An embodiment method of root cause analysis includes traversing a soft decision tree, where the soft decision tree includes a plurality of decision nodes and a plurality of root cause nodes. Traversing the soft decision tree includes determining a first plurality of probabilities that the plurality of decision nodes indicate an event which is an anomaly and determining a second plurality of probabilities of the plurality of root causes in accordance with the first plurality of probabilities.
An embodiment computer for detecting an anomaly includes a processor and a computer readable storage medium storing programming for execution by the processor. The programming includes instructions to receive a data point and determine a metric in accordance with the data point and a center value.
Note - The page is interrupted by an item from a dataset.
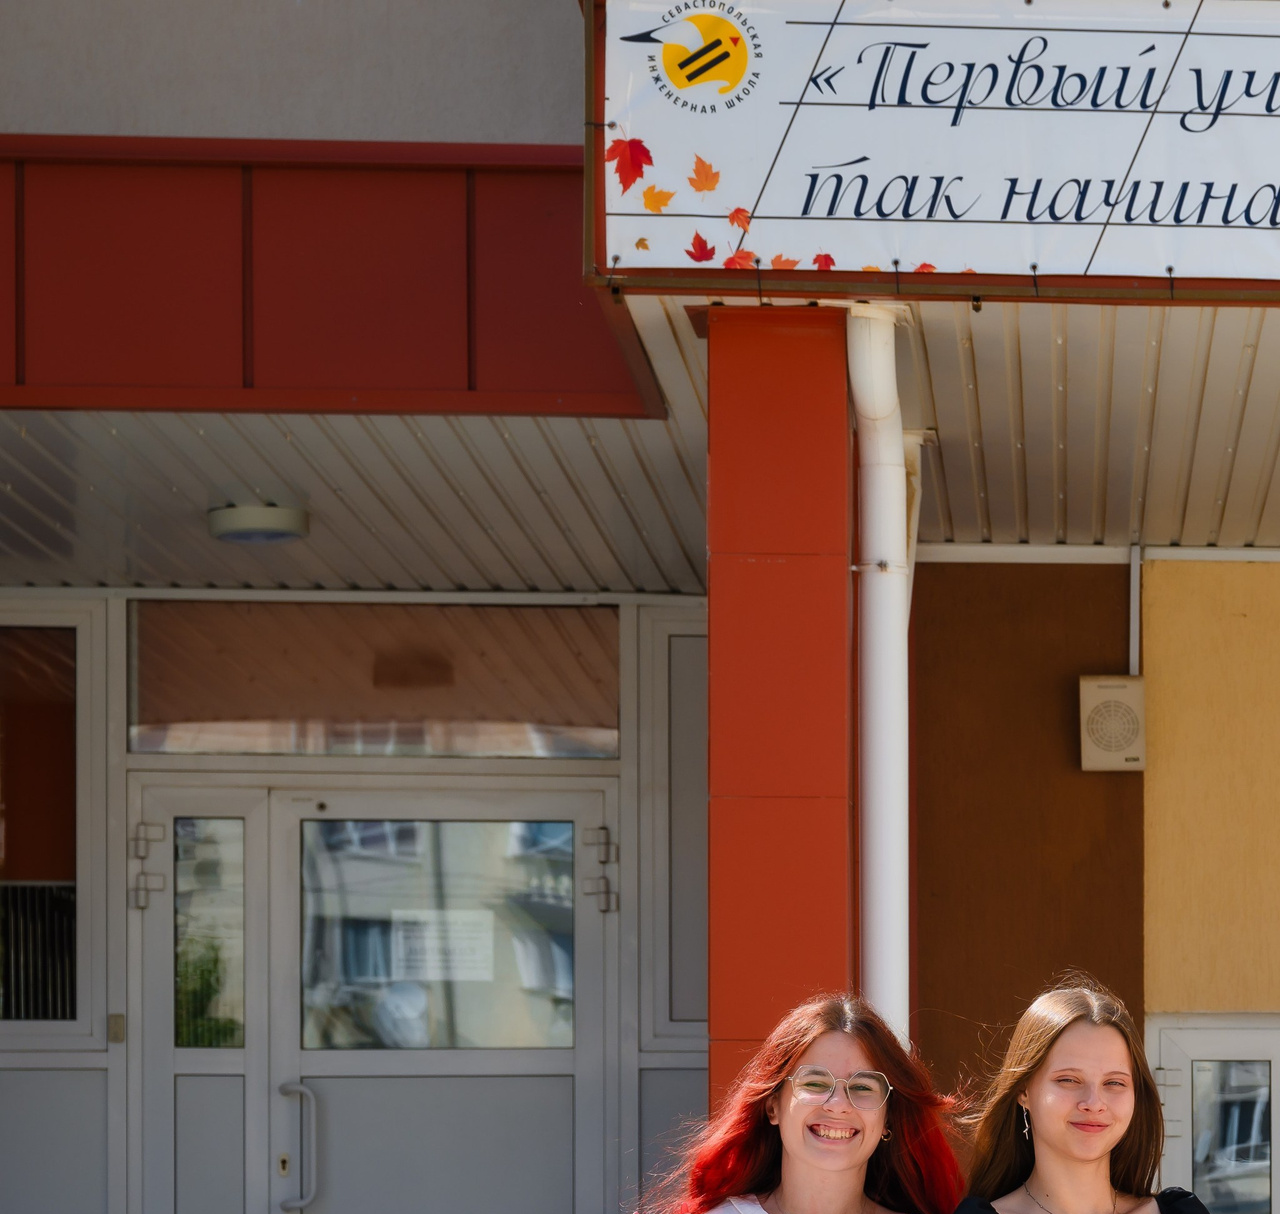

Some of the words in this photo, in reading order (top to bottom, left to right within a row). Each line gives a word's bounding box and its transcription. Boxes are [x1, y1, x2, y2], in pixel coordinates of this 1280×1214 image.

[661, 0, 764, 59] СЕВАСТОПОЛЬСКАЯ
[646, 54, 717, 114] ИНЖЕНЕРНАЯ
[725, 71, 761, 110] ШКОЛА
[799, 155, 982, 220] так
The programming also includes instructions to determine whether the metric is less than a lower threshold, between the lower threshold and an upper threshold, or greater than the upper threshold and determine that the data point is not the anomaly when the metric is less than the lower threshold. Additionally, the programming includes instructions to determine that the data point is the anomaly when the metric is greater than the upper threshold and determine that the data point might be the anomaly when the metric is between the lower threshold and the upper threshold.
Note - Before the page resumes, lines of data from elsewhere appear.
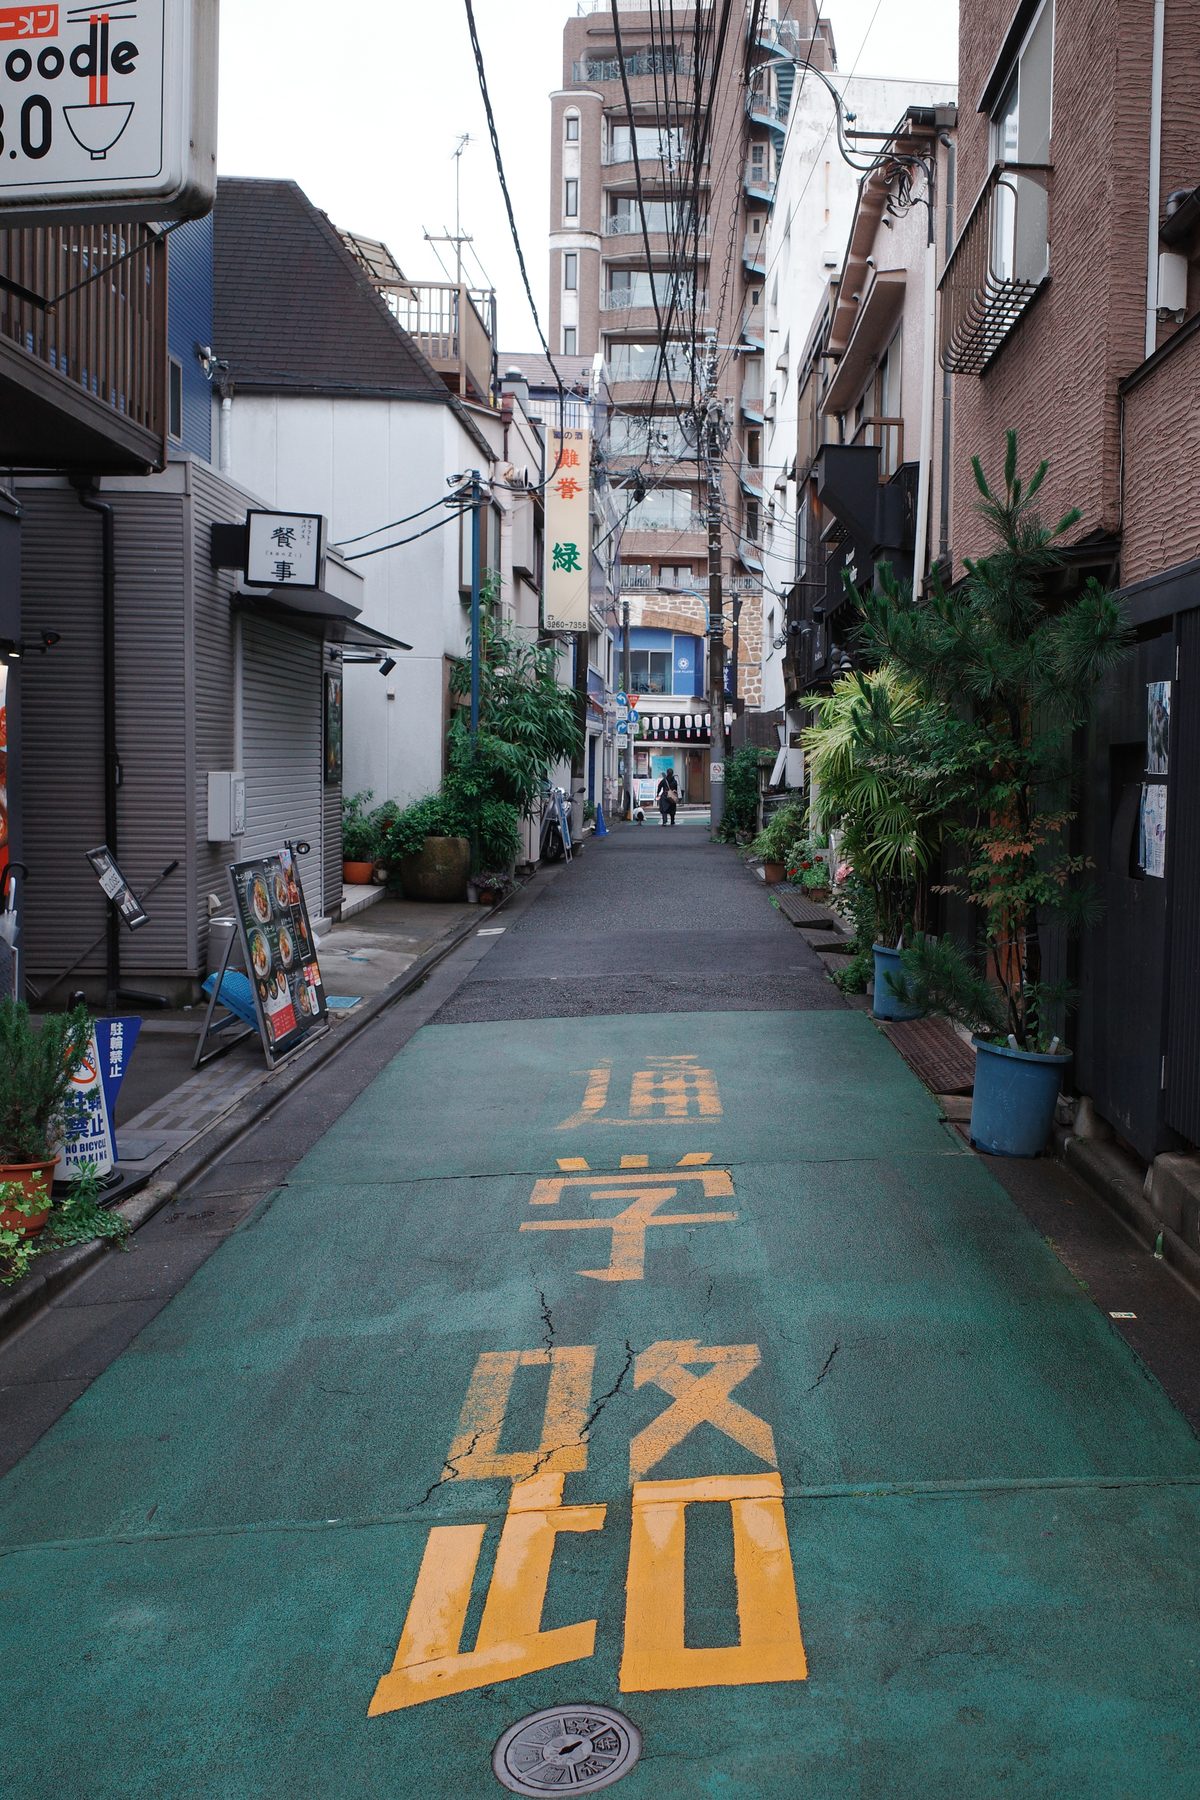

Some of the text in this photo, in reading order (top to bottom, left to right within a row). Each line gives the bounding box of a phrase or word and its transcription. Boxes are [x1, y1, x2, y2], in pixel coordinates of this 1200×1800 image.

[0, 94, 52, 160] .0
[552, 542, 582, 573] 緑
[110, 1022, 124, 1078] 駐輪禁止
[65, 1143, 78, 1155] NO
[367, 1055, 808, 1718] 通学路
The foregoing has outlined rather broadly the features of an embodiment of the present invention in order that the detailed description of the invention that follows may be better understood. Additional features and advantages of embodiments of the invention will be described hereinafter, which form the subject of the claims of the invention. It should be appreciated by those skilled in the art that the conception and specific embodiments disclosed may be readily utilized as a basis for modifying or designing other structures or processes for carrying out the same purposes of the present invention. It should also be realized by those skilled in the art that such equivalent constructions do not depart from the spirit and scope of the invention as set forth in the appended claims.
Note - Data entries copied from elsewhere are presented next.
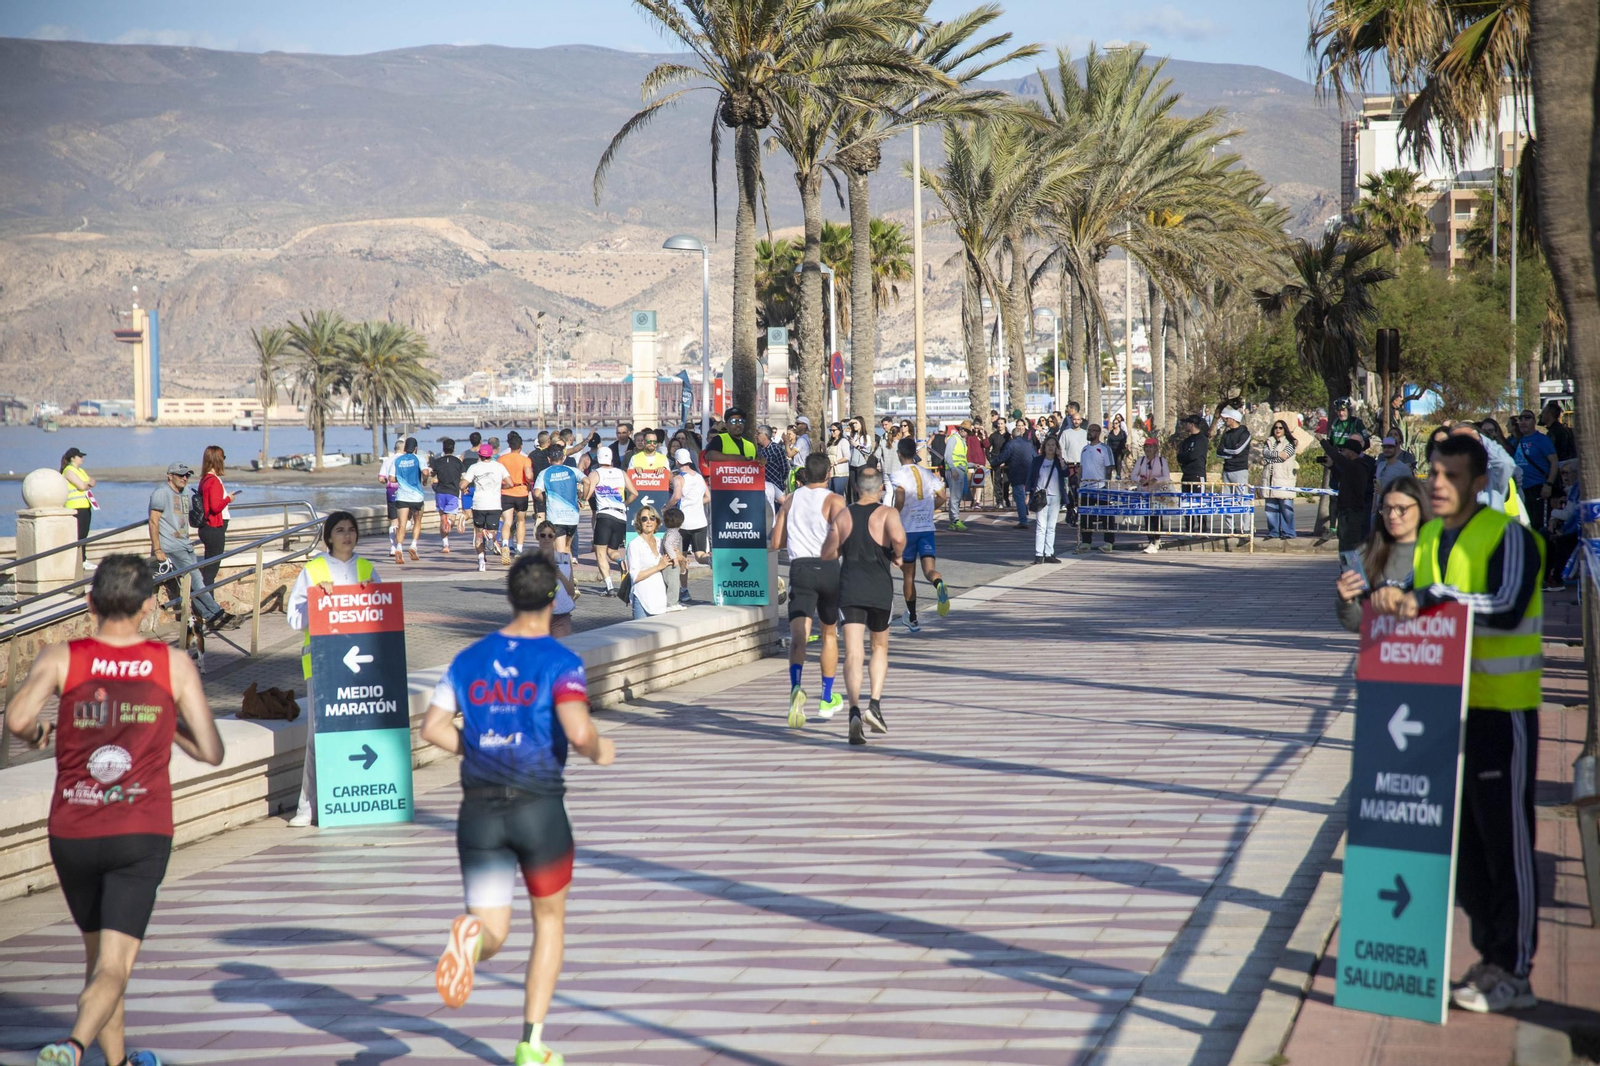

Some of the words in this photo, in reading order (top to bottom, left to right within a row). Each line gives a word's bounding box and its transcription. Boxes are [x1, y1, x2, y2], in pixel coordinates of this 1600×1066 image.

[716, 465, 759, 475] ¡ATENCIÓN
[636, 478, 660, 486] DESVÍO!
[722, 475, 754, 484] DESVÍO!
[725, 521, 753, 530] MEDIO
[718, 530, 760, 539] MARATÓN
[722, 580, 760, 588] CARRERA
[318, 590, 392, 611] ¡ATENCIÓN
[722, 590, 765, 598] ALUDABLE
[328, 606, 384, 624] DESVÍO!
[1380, 638, 1444, 666] DESVÍO!
[91, 657, 153, 677] MATEO
[337, 685, 384, 700] MEDIO
[468, 679, 537, 706] GALO
[325, 698, 397, 717] MARATÓN
[332, 782, 398, 798] CARRERA
[1375, 772, 1430, 797] MEDIO
[324, 798, 406, 815] SALUDABLE
[1360, 797, 1443, 827] MARATÓN
[1354, 939, 1429, 969] CARRERA
[1343, 965, 1437, 998] SALUDABLE
For a more complete understanding of the present invention, and the advantages thereof, reference is now made to the following descriptions taken in conjunction with the accompanying drawing, in which:
Corresponding numerals and symbols in the different figures generally refer to corresponding parts unless otherwise indicated. The figures are drawn to clearly illustrate the relevant aspects of the embodiments and are not necessarily drawn to scale.
It should be understood at the outset that although an illustrative implementation of one or more embodiments are provided below, the disclosed systems and/or methods may be implemented using any number of techniques, whether currently known or in existence. The disclosure should in no way be limited to the illustrative implementations, drawings, and techniques illustrated below, including the exemplary designs and implementations illustrated and described herein, but may be modified within the scope of the appended claims along with their full scope of equivalents.
An embodiment method detects anomalies and the root causes of the anomalies. Examples of root causes of anomalies include malfunctioning user equipment (UE) or network elements, interference, resource congestion from heavy traffic. In particular, the bottleneck may be a downlink power, uplink received total wideband power, downlink bandwidth (codes or resource blocks), uplink bandwidth (resource blocks), backhaul bandwidth, channel elements, (CE), control channel resources, etc. It is desirable to detect and determine the root cause of an anomaly.
Some anomaly detection methods select thresholds on variables or distance metrics yielding a decision boundary based on the structure of training data to determine that outliers are represent anomalies. However, selection of the threshold often trades off false alarms with missed anomalies and detection time. An embodiment method uses two thresholds levels to detect anomalies. When the data point is below the lower threshold, it is determined to not indicate an anomaly. When the data point is above the higher threshold, it is determined to indicate an anomaly. When the data point is between the thresholds, the history is used to determine whether the data point indicates an anomaly.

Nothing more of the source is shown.